Multi-Head Latent Attention (#876)

* Multi-Head Latent Attention * update
2026-04-10 12:33:42 +00:00 · 2025-10-11 20:08:30 -05:00
parent bf27ad1485
commit 9b9586688d
15 changed files with 1164 additions and 233 deletions
--- a/ch04/05_mla/plot_memory_estimates_mla.py
+++ b/ch04/05_mla/plot_memory_estimates_mla.py
@@ -0,0 +1,90 @@
+# Copyright (c) Sebastian Raschka under Apache License 2.0 (see LICENSE.txt).

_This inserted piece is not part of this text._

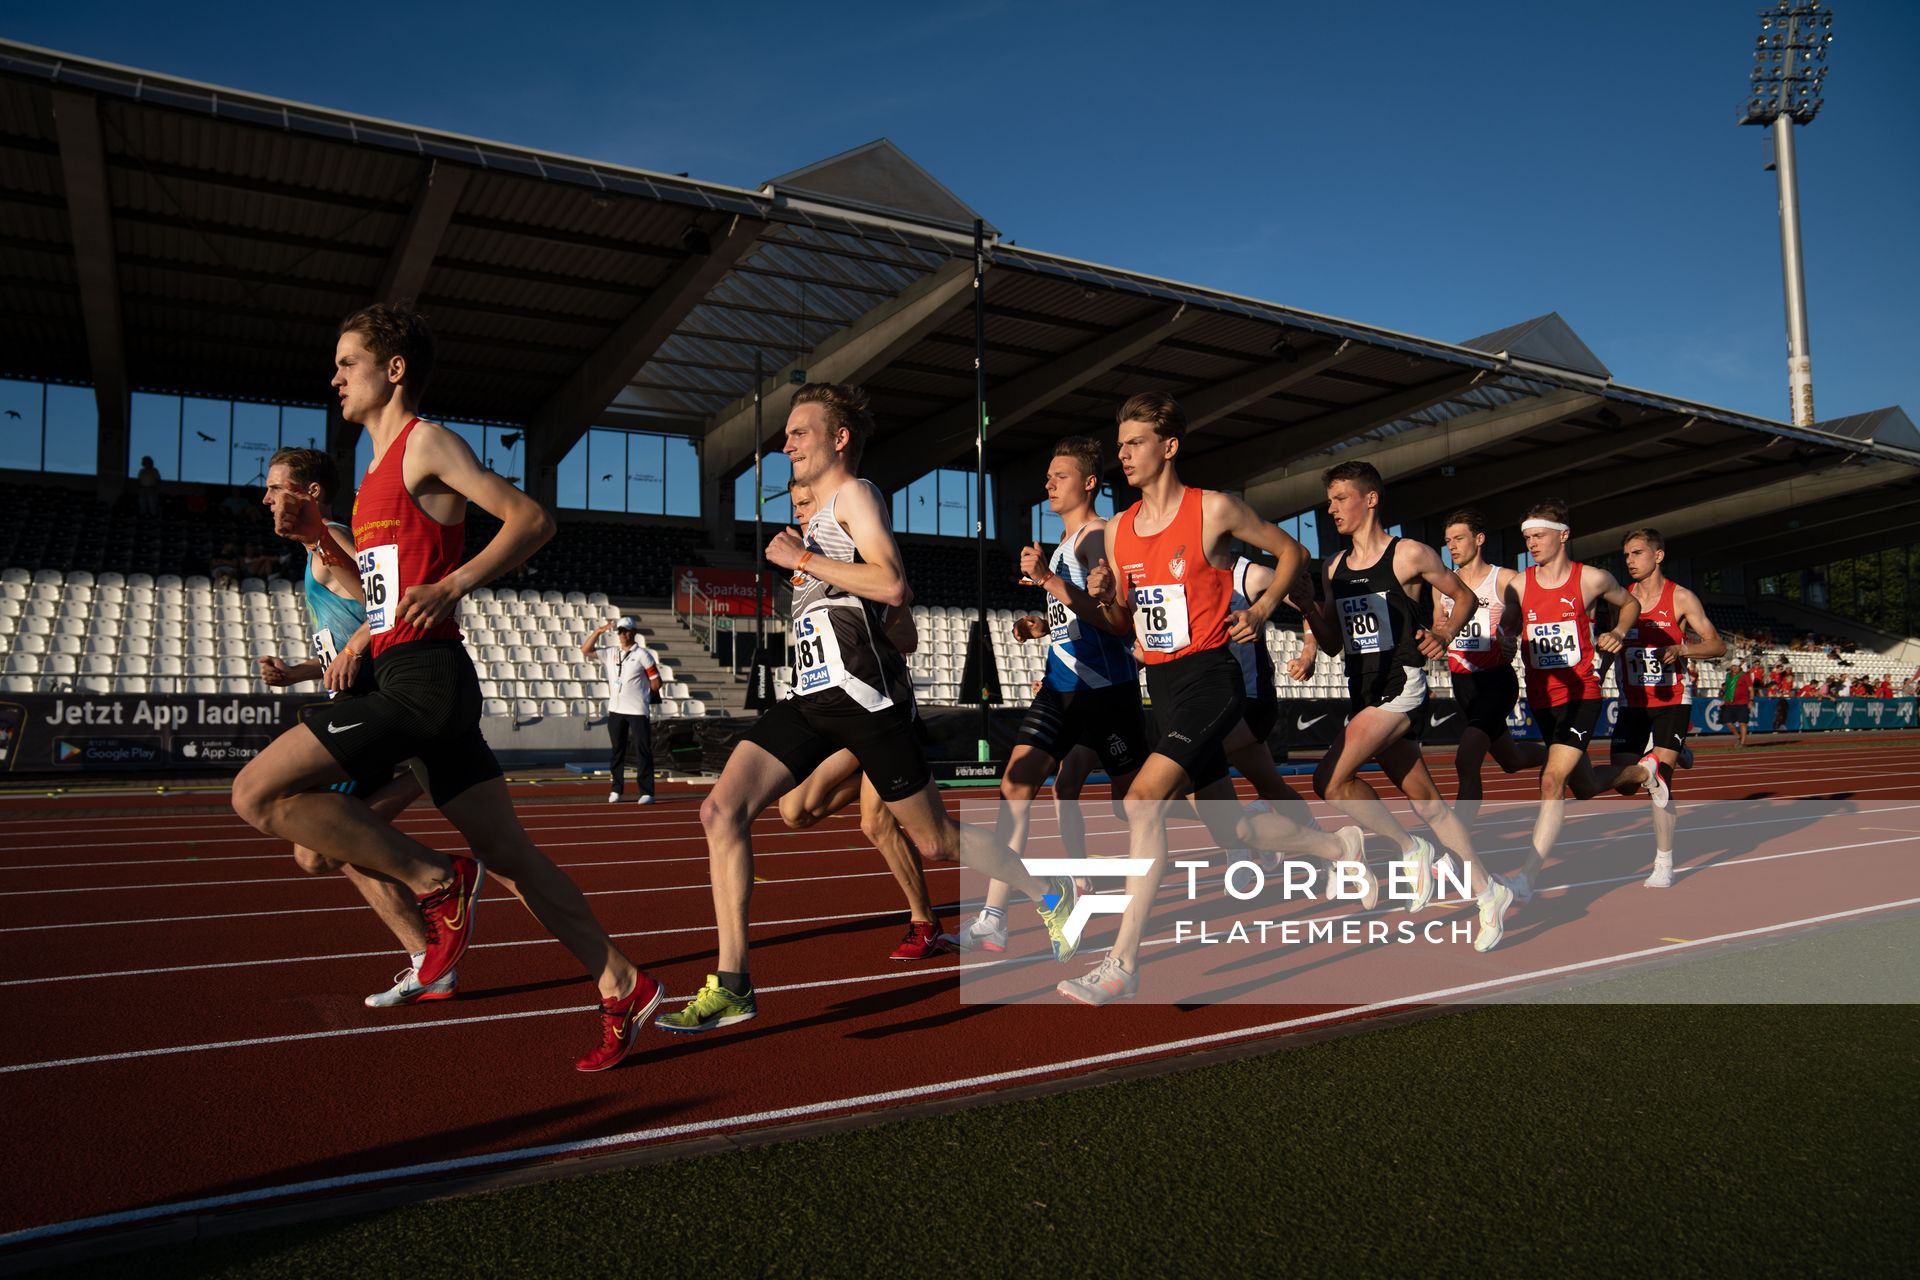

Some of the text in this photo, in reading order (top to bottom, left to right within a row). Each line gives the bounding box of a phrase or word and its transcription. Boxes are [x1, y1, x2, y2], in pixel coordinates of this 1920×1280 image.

+# Source for "Build a Large Language Model From Scratch"
+#   - https://www.manning.com/books/build-a-large-language-model-from-scratch
+# Code: https://github.com/rasbt/LLMs-from-scratch
+
+import matplotlib.pyplot as plt
+
+# Bytes per element
+DTYPE_BYTES = {
+    "fp32": 4,
+    "bf16": 2,
+    "fp16": 2,
+    "fp8": 1,
+    "int8": 1,
+}
+
+
+def bytes_to_gb(n_bytes):
+    return n_bytes / (1000. ** 3)
+
+
+def kv_bytes_total_mha(batch, context_length, emb_dim, n_heads,
+                       n_layers, bytes_per_elem):
+    head_dim = emb_dim / n_heads
+    per_layer = batch * context_length * head_dim * n_heads * 2 * bytes_per_elem
+    return per_layer * n_layers
+
+
+def kv_bytes_total_mla(batch, context_length, n_layers, latent_dim, bytes_per_elem):
+    return batch * context_length * n_layers * latent_dim * bytes_per_elem
+
+
+def plot_abs_kv_vs_context_multiple():
+    n_heads = 24
+    emb_dim = 2048
+    n_layers = 48
+    batch_size = 1
+    dtype = "bf16"
+    bytes_per_elem = DTYPE_BYTES[dtype]
+
+    context_lengths = [
+        256, 512, 1024, 2048, 4096, 8192,
+        16384, 32768, 65536, 131072
+    ]
+
+    mha_gb = []
+    for L in context_lengths:
+        total_mha = kv_bytes_total_mha(
+            batch_size, L, emb_dim, n_heads, n_layers, bytes_per_elem
+        )
+        mha_gb.append(bytes_to_gb(total_mha))
+
+    latent_dims = [1024, 512, 256, 64]
+    plt.figure()
+    plt.plot(context_lengths, mha_gb, marker="o", label="MHA (KV total)")
+
+    L_ref = context_lengths[-1]
+    total_mha_ref = kv_bytes_total_mha(batch_size, L_ref, emb_dim, n_heads, n_layers, bytes_per_elem)
+
+    for latent_dim in latent_dims:
+        mla_gb = []
+        for L in context_lengths:
+            total_mla = kv_bytes_total_mla(
+                batch_size, L, n_layers, latent_dim, bytes_per_elem
+            )
+            mla_gb.append(bytes_to_gb(total_mla))
+
+        total_mla_ref = kv_bytes_total_mla(batch_size, L_ref, n_layers, latent_dim, bytes_per_elem)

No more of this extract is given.